To investigate the therapeutic mechanism of Baishuidan on chronic non-healing wounds in rats and to assess the risk of mercury toxicity.

Methods

The antimicrobial activity of Hcc against Staphylococcus aureus, Candida albicans, Pseudomonas aeruginosa, and Streptococcus-β haemolyticus was assessed by the circle of inhibition assay, Minimum inhibitory concentration(MIC) and Minimum bactericidal concentration(MBC) assay and 24-h inhibition curve. SD rats were used to establish a chronic difficult-to-heal wound model.

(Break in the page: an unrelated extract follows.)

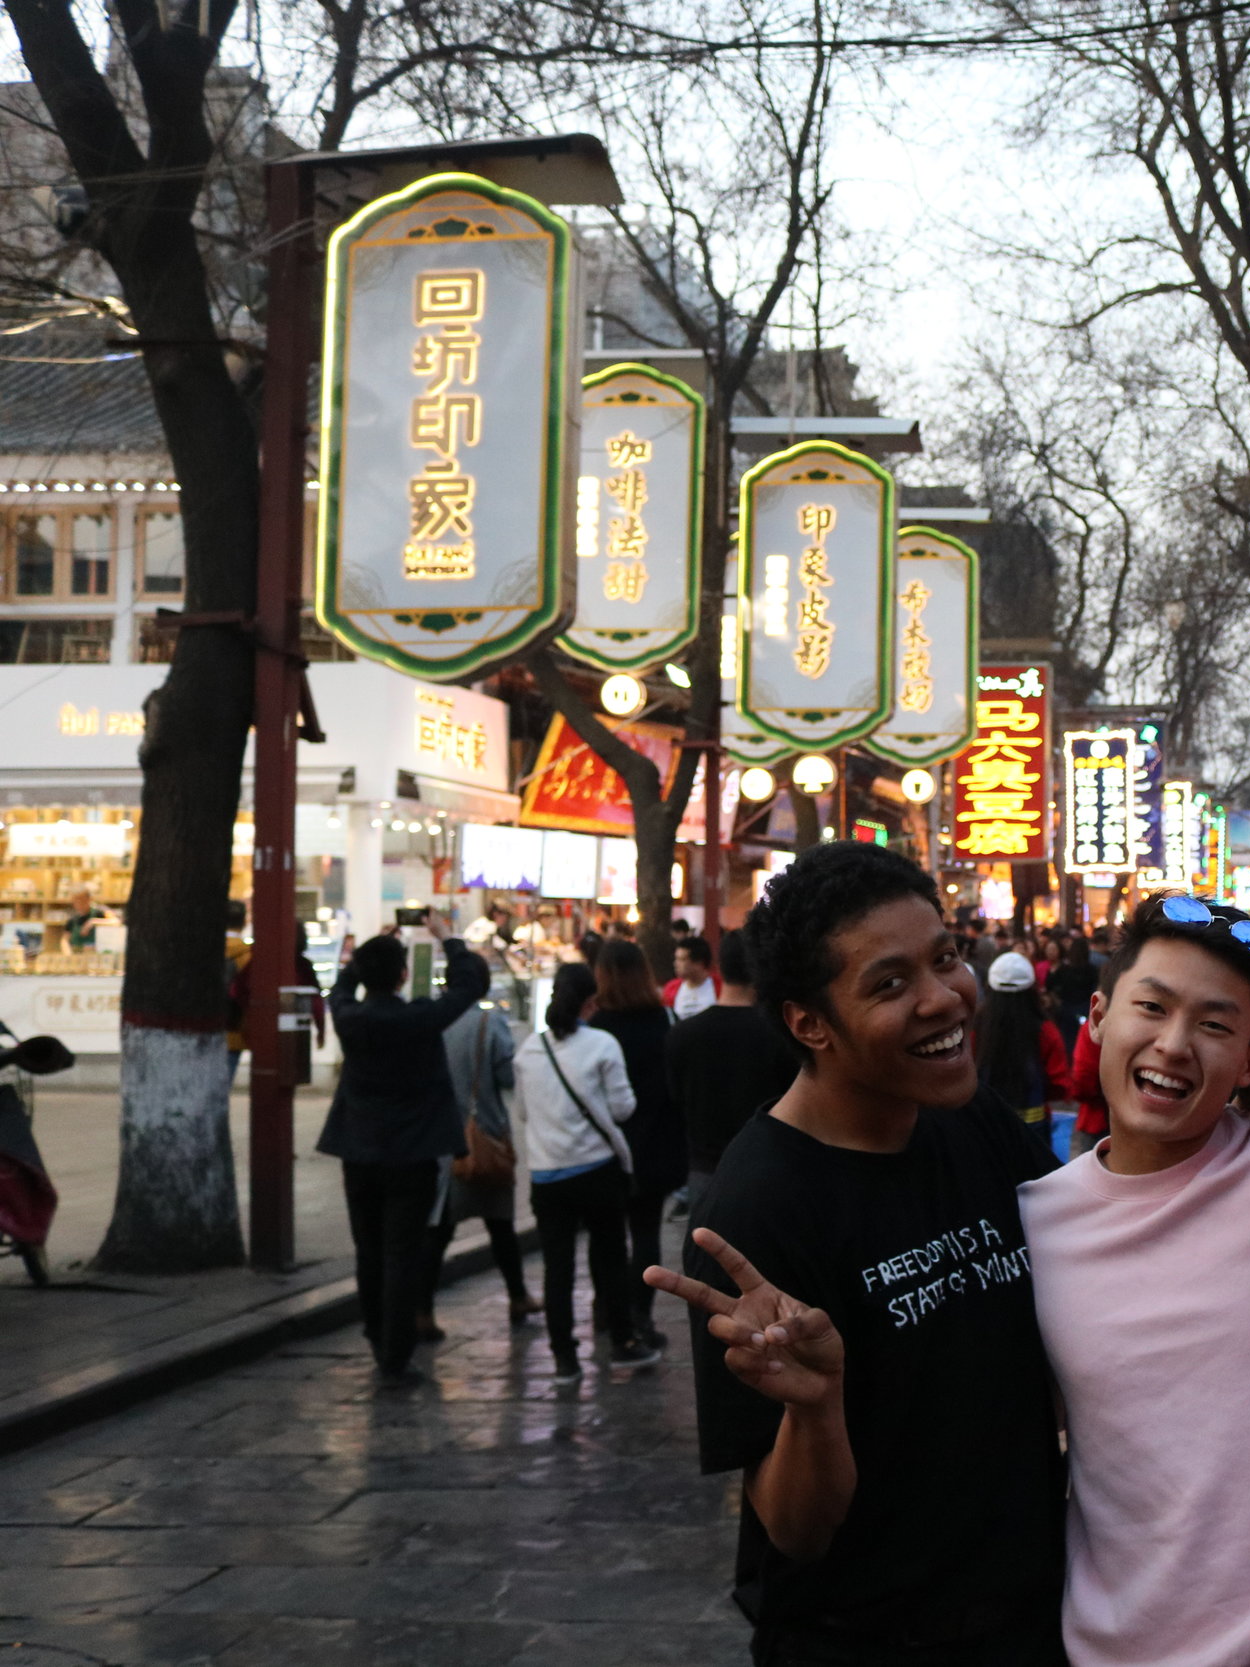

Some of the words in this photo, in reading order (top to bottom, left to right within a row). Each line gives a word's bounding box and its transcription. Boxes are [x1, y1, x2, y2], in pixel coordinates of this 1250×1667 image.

The efficacy of C. albicans and its effects on inflammatory and angiogenic factors were assessed by wound healing rate, histopathological analysis, immunohistochemical staining, and Elisa assay. The pathological effects of Hcc on the principal organs of rats and the accumulation of mercury ions were detected by hematoxylin-eosin (H&E) staining and atomic absorption spectrophotometry (AAS).

Results

Hcc showed different degrees of bacteriostatic effects on Staphylococcus aureus, Streptococcus-β haemolyticus, Pseudomonas aeruginosa, and Candida albicans. Among them, the most significant inhibitory effect was on S. aureus (MIC 4 μg/mL, MBC 8 μg/mL). Hcc significantly promoted the healing of skin wounds in rats, with the best effect in the middle-dose group. Pathological analysis showed that collagen fibre production and neocapillary formation increased and inflammatory cell infiltration decreased in the treatment group. Hcc improved the microenvironment of wounds by decreasing the level of the pro-inflammatory factor IL-6 and increasing the level of the anti-inflammatory factor IL-10. By activating the Pi3k - Akt and Notch1 - Vegfa signalling pathways, Hcc promotes cell proliferation and angiogenesis, accelerating wound healing. Hcc did not cause significant pathological damage to the major organs of rats at the therapeutic dose. However, a significant accumulation of mercury ions was detected in the kidneys, suggesting that long-term use may cause damage to renal function.

Conclusion

This study is the first to systematically investigate the multi-target, multi-pathway mechanism of action of Hydrargyrum Chloratum Compositum (Hcc) in treating chronic hard-to-heal wounds and to comprehensively assess its potential mercury toxicity risk. Through in vitro antimicrobial assays, animal models, histopathological analyses, protein expression and mercury ion accumulation assays, the present study revealed the unique mechanisms of Hcc in promoting wound healing, including inhibition of bacterial growth, modulation of immune-inflammatory responses, promotion of angiogenesis, and activation of key signalling pathways (Pi3k-Akt and Notch1-Vegfa pathways). In addition, this study is the first to evaluate the accumulation of mercury ions in Hcc in different organs, especially the significant accumulation in the kidney, which provides important safety data for clinical application. Compared with the existing literature, the present study verified the antimicrobial activity of Hcc, and revealed its specific mechanism in promoting wound healing, providing a scientific basis for the clinical use of Hcc.